TASK GOAL:
The pictures are to be omitted when the entries are reproduced exactly.

= = = =

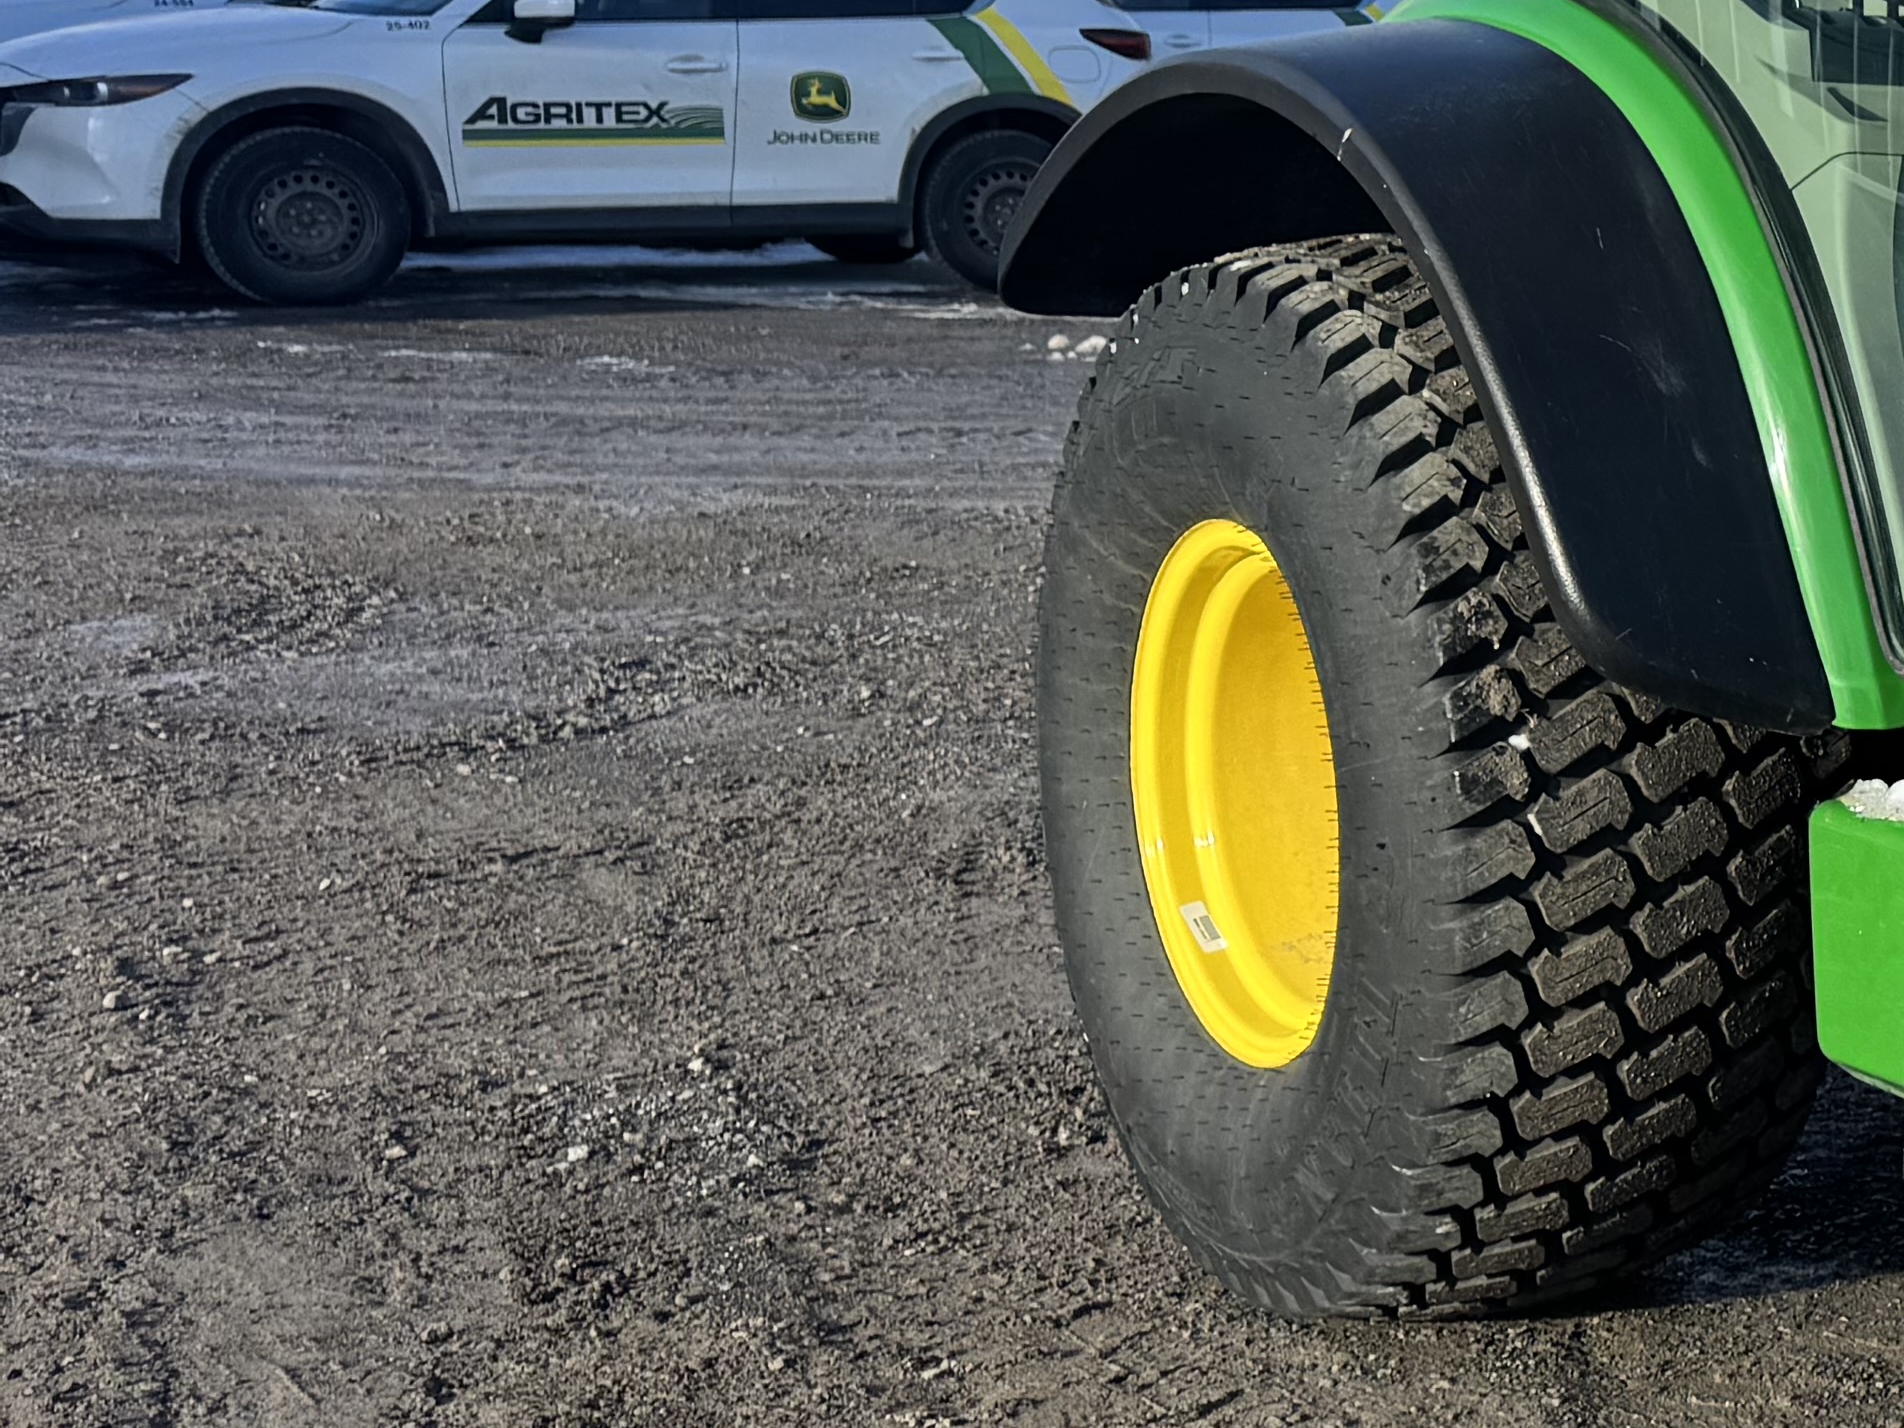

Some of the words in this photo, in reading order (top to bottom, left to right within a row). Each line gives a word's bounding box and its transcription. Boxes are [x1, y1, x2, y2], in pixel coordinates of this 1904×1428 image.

[463, 96, 672, 126] AGRITEX
[767, 130, 817, 145] JOHN
[820, 129, 880, 145] DEERE
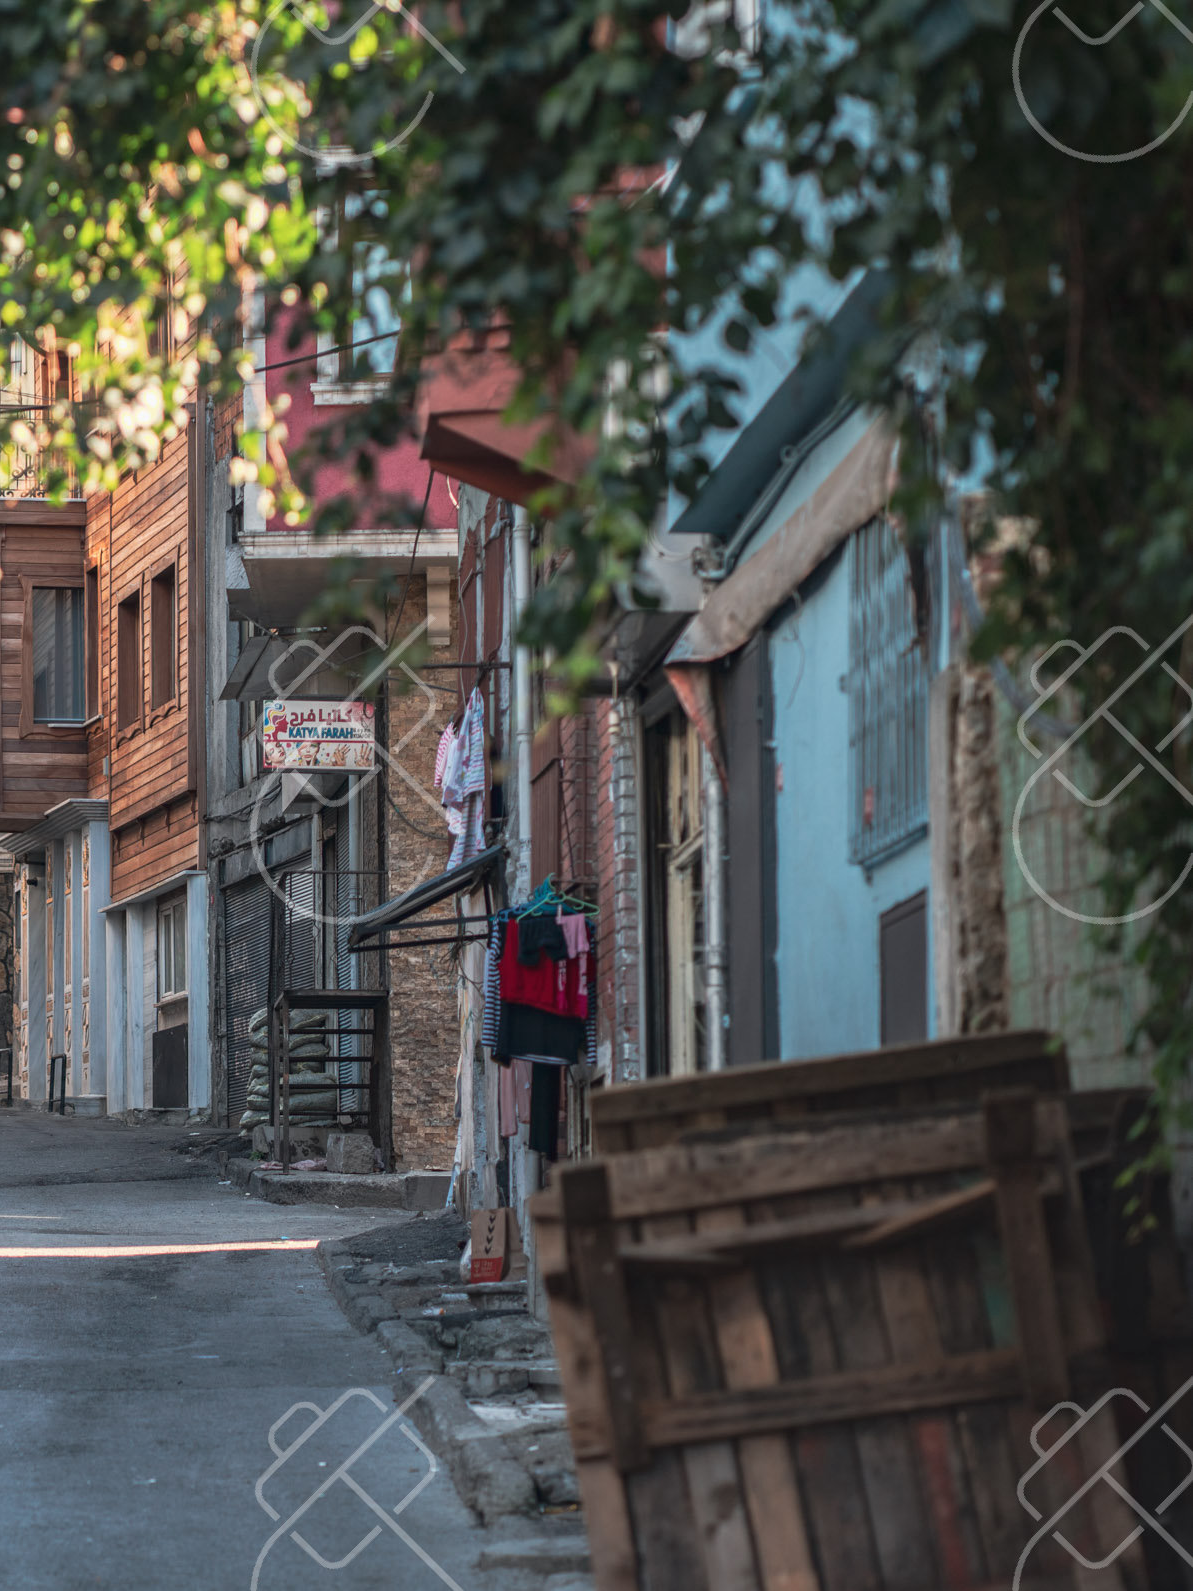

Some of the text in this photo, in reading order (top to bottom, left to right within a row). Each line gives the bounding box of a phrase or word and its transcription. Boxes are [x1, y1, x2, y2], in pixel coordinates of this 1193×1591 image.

[289, 709, 352, 726] كاتيا فرح
[289, 727, 353, 739] KATYA FARAH
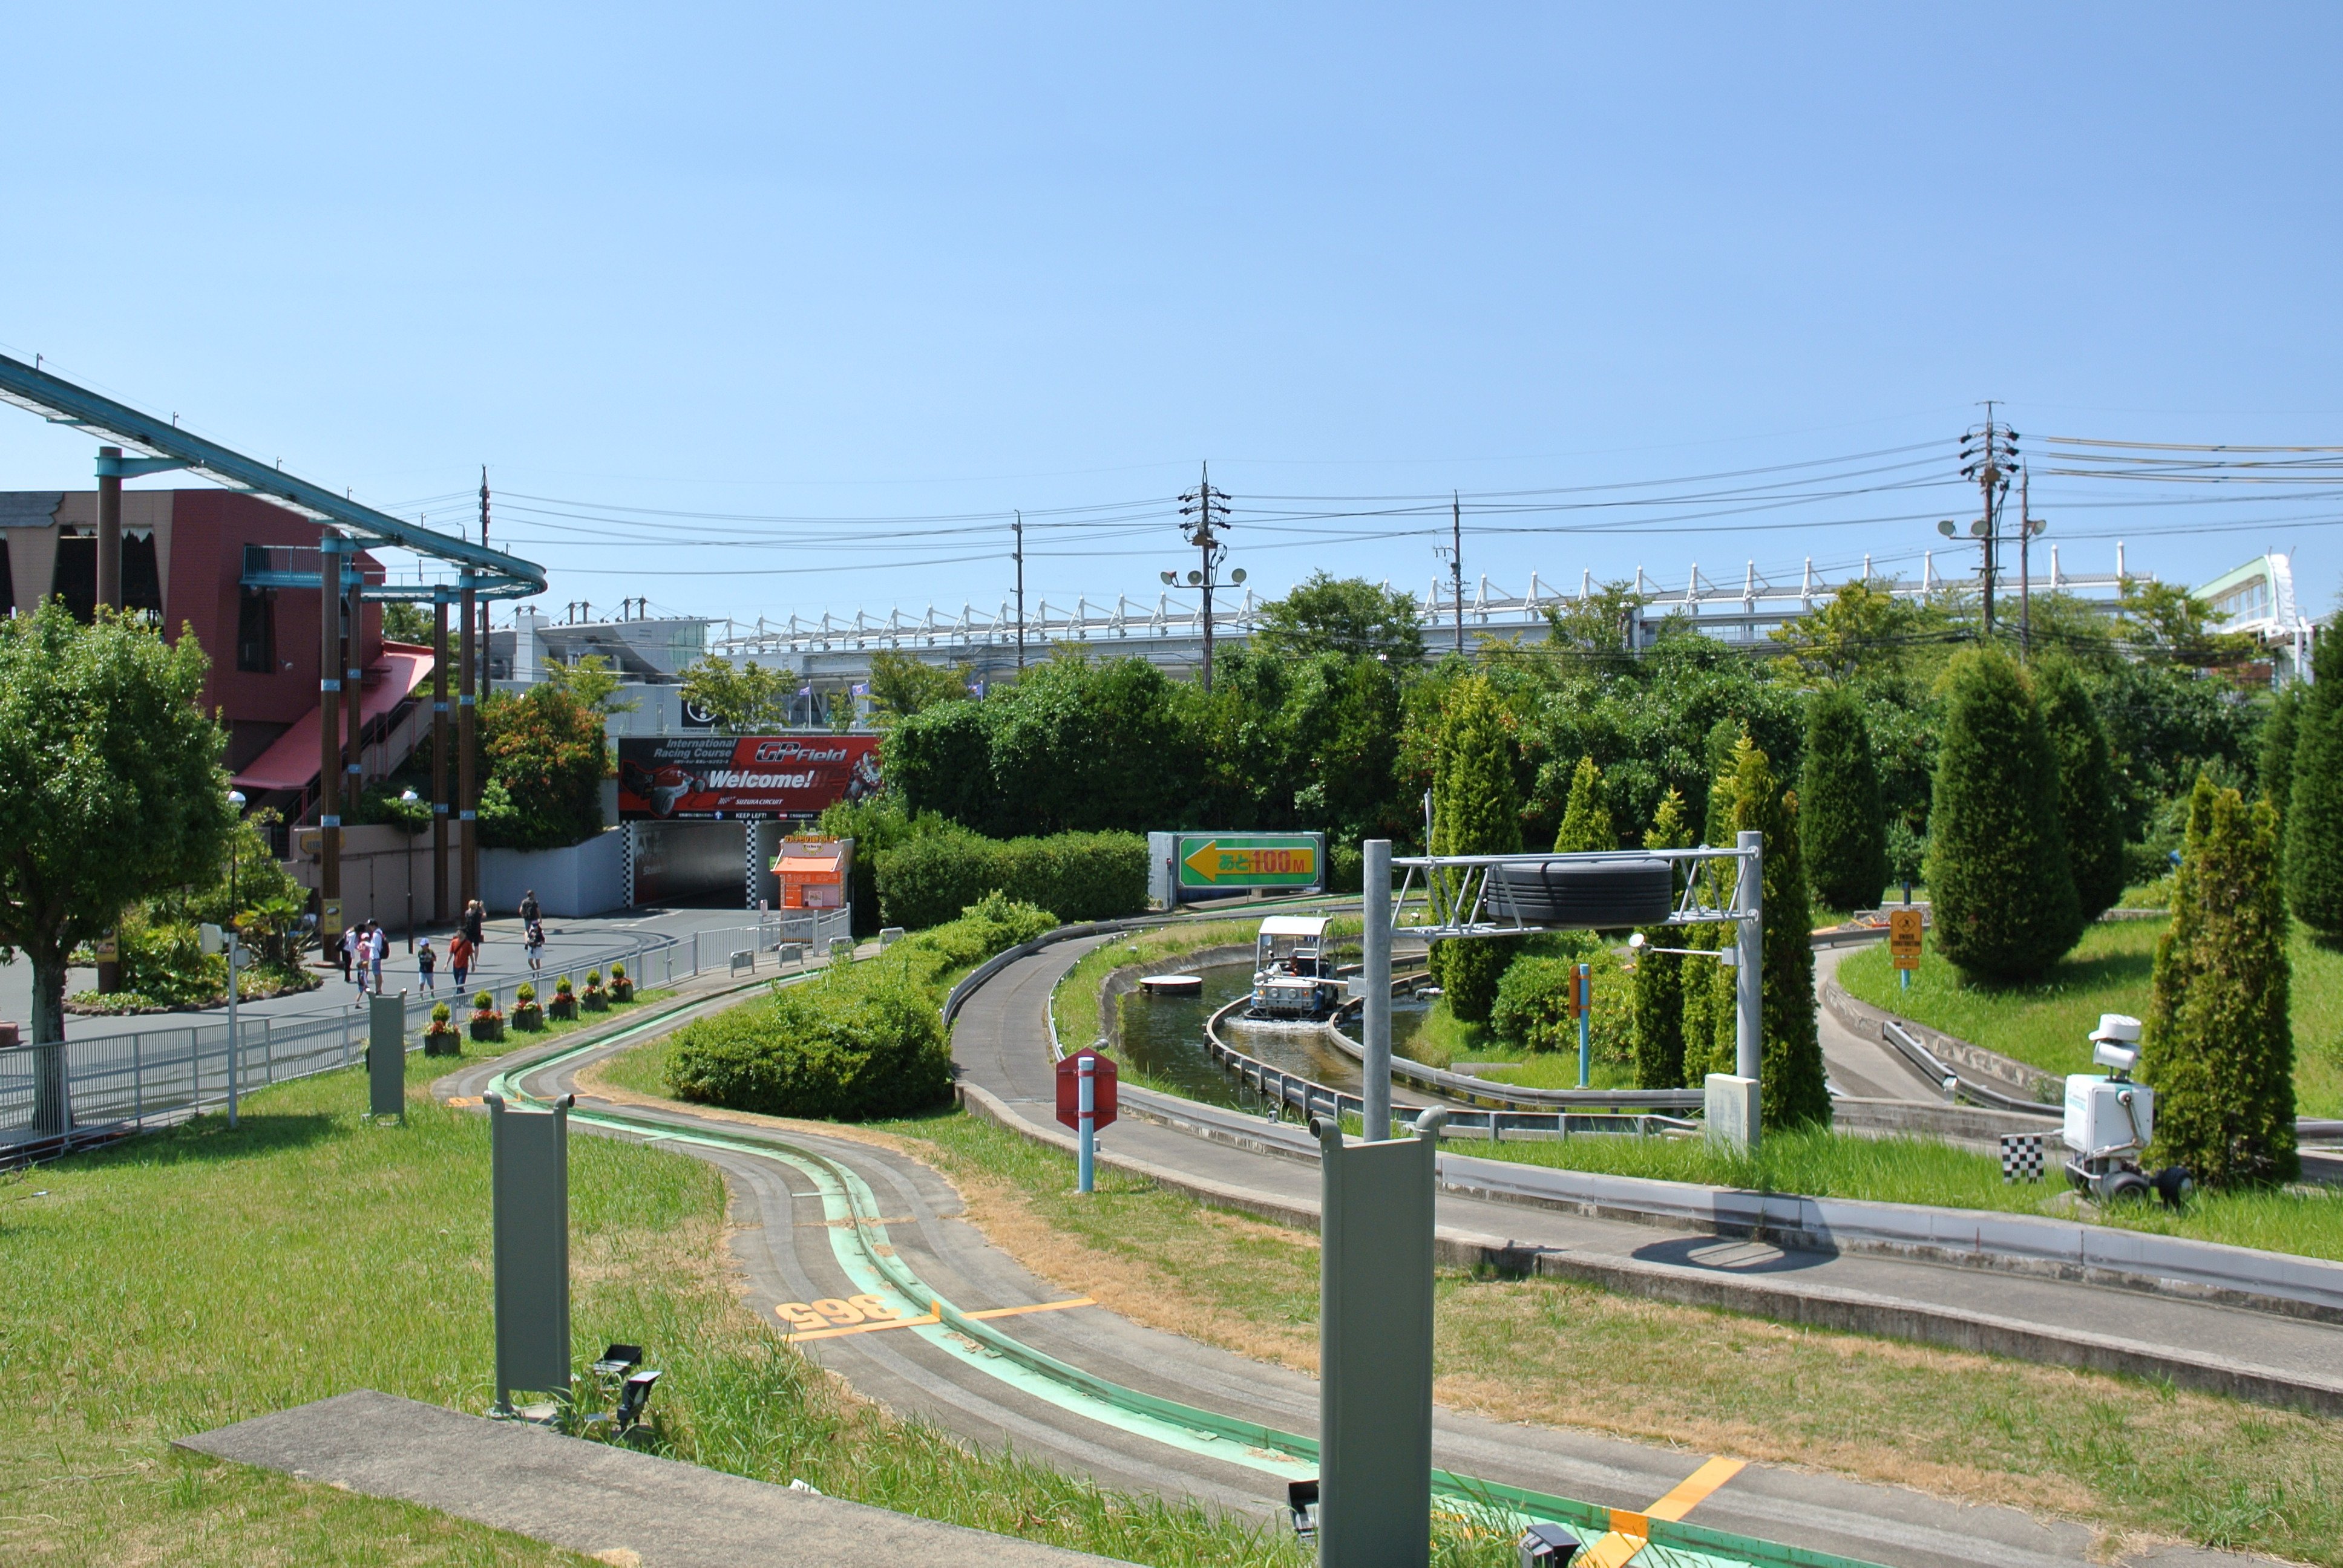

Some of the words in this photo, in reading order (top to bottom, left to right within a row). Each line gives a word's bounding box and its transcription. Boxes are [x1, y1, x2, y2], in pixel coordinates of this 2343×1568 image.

[666, 738, 737, 748] International
[755, 742, 801, 762] GP
[796, 749, 847, 762] Field
[654, 748, 691, 759] Racing
[694, 748, 732, 757] Course
[709, 770, 815, 788] Welcome!
[1218, 854, 1249, 871] あと
[1253, 849, 1291, 873] 100
[1294, 860, 1304, 872] M
[775, 1294, 901, 1330] 365

= = = =

ANSWER TO THE PROBLEM:
Some of the words in this photo, in reading order (top to bottom, left to right within a row). Each line gives a word's bounding box and its transcription. Boxes are [x1, y1, x2, y2], in pixel coordinates of this 1904×1428 image.

[463, 96, 672, 126] AGRITEX
[767, 130, 817, 145] JOHN
[820, 129, 880, 145] DEERE

Some of the text in this photo, in reading order (top to bottom, left to right within a row). Each line gives the bounding box of a phrase or word and its transcription. Boxes are [x1, y1, x2, y2], in pixel coordinates of this 1193×1591 image.

[289, 709, 352, 726] كاتيا فرح
[289, 727, 353, 739] KATYA FARAH

Some of the words in this photo, in reading order (top to bottom, left to right within a row). Each line gives a word's bounding box and its transcription. Boxes are [x1, y1, x2, y2], in pixel coordinates of this 2343×1568 image.

[666, 738, 737, 748] International
[755, 742, 801, 762] GP
[796, 749, 847, 762] Field
[654, 748, 691, 759] Racing
[694, 748, 732, 757] Course
[709, 770, 815, 788] Welcome!
[1218, 854, 1249, 871] あと
[1253, 849, 1291, 873] 100
[1294, 860, 1304, 872] M
[775, 1294, 901, 1330] 365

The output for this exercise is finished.